■ WHAT TO PRODUCE:
Everything from the line containing "this 1600×895 image." to the end of the material, both ends included, should be repeated exactly; please give only those lines.
::: GIVEN ENTRIES :::
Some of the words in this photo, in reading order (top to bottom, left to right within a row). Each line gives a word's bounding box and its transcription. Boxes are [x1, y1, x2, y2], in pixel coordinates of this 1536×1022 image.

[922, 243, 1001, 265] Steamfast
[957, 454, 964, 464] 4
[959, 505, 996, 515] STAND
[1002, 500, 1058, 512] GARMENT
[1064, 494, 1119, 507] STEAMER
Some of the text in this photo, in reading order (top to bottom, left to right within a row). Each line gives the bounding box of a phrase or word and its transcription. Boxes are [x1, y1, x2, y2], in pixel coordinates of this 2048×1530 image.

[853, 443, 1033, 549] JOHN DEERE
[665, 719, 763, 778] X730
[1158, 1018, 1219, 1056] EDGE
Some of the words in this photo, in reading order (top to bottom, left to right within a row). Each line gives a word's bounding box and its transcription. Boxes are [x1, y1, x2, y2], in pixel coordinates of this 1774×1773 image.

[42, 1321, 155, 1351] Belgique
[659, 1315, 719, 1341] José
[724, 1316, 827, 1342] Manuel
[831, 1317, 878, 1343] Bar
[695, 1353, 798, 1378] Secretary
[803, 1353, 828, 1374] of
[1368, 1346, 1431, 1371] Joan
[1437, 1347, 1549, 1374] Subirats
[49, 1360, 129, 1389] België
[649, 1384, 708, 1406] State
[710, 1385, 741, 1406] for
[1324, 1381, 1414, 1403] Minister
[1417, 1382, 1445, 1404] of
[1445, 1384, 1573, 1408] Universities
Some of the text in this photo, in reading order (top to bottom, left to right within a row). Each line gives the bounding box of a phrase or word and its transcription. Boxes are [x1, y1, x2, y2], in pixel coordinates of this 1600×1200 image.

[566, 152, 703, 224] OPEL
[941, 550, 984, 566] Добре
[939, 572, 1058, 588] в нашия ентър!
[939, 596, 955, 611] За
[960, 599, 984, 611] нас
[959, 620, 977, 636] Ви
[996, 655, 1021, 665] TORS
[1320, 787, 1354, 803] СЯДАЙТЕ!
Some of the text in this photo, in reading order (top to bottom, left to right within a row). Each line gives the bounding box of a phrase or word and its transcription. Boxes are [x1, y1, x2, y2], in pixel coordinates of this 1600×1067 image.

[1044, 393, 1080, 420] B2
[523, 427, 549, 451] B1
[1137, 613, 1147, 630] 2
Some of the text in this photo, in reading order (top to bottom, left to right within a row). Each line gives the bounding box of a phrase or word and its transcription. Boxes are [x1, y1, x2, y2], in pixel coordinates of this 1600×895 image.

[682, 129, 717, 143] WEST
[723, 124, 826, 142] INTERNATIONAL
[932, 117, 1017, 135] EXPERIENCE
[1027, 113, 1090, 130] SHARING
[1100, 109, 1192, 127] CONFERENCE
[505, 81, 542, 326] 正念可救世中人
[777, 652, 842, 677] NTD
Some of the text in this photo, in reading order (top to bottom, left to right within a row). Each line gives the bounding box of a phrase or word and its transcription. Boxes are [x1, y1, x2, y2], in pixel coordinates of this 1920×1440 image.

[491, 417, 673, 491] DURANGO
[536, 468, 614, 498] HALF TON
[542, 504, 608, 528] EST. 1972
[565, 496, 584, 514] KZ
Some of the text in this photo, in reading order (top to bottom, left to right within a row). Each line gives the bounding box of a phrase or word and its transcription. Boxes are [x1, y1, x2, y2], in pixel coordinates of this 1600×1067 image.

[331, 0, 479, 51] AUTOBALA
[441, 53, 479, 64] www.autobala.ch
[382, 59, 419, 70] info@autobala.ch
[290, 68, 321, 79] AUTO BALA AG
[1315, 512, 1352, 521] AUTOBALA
:::
■ RESPONSE:
Some of the text in this photo, in reading order (top to bottom, left to right within a row). Each line gives the bounding box of a phrase or word and its transcription. Boxes are [x1, y1, x2, y2], in pixel coordinates of this 1600×895 image.

[682, 129, 717, 143] WEST
[723, 124, 826, 142] INTERNATIONAL
[932, 117, 1017, 135] EXPERIENCE
[1027, 113, 1090, 130] SHARING
[1100, 109, 1192, 127] CONFERENCE
[505, 81, 542, 326] 正念可救世中人
[777, 652, 842, 677] NTD
Some of the text in this photo, in reading order (top to bottom, left to right within a row). Each line gives the bounding box of a phrase or word and its transcription. Boxes are [x1, y1, x2, y2], in pixel coordinates of this 1920×1440 image.

[491, 417, 673, 491] DURANGO
[536, 468, 614, 498] HALF TON
[542, 504, 608, 528] EST. 1972
[565, 496, 584, 514] KZ
Some of the text in this photo, in reading order (top to bottom, left to right within a row). Each line gives the bounding box of a phrase or word and its transcription. Boxes are [x1, y1, x2, y2], in pixel coordinates of this 1600×1067 image.

[331, 0, 479, 51] AUTOBALA
[441, 53, 479, 64] www.autobala.ch
[382, 59, 419, 70] info@autobala.ch
[290, 68, 321, 79] AUTO BALA AG
[1315, 512, 1352, 521] AUTOBALA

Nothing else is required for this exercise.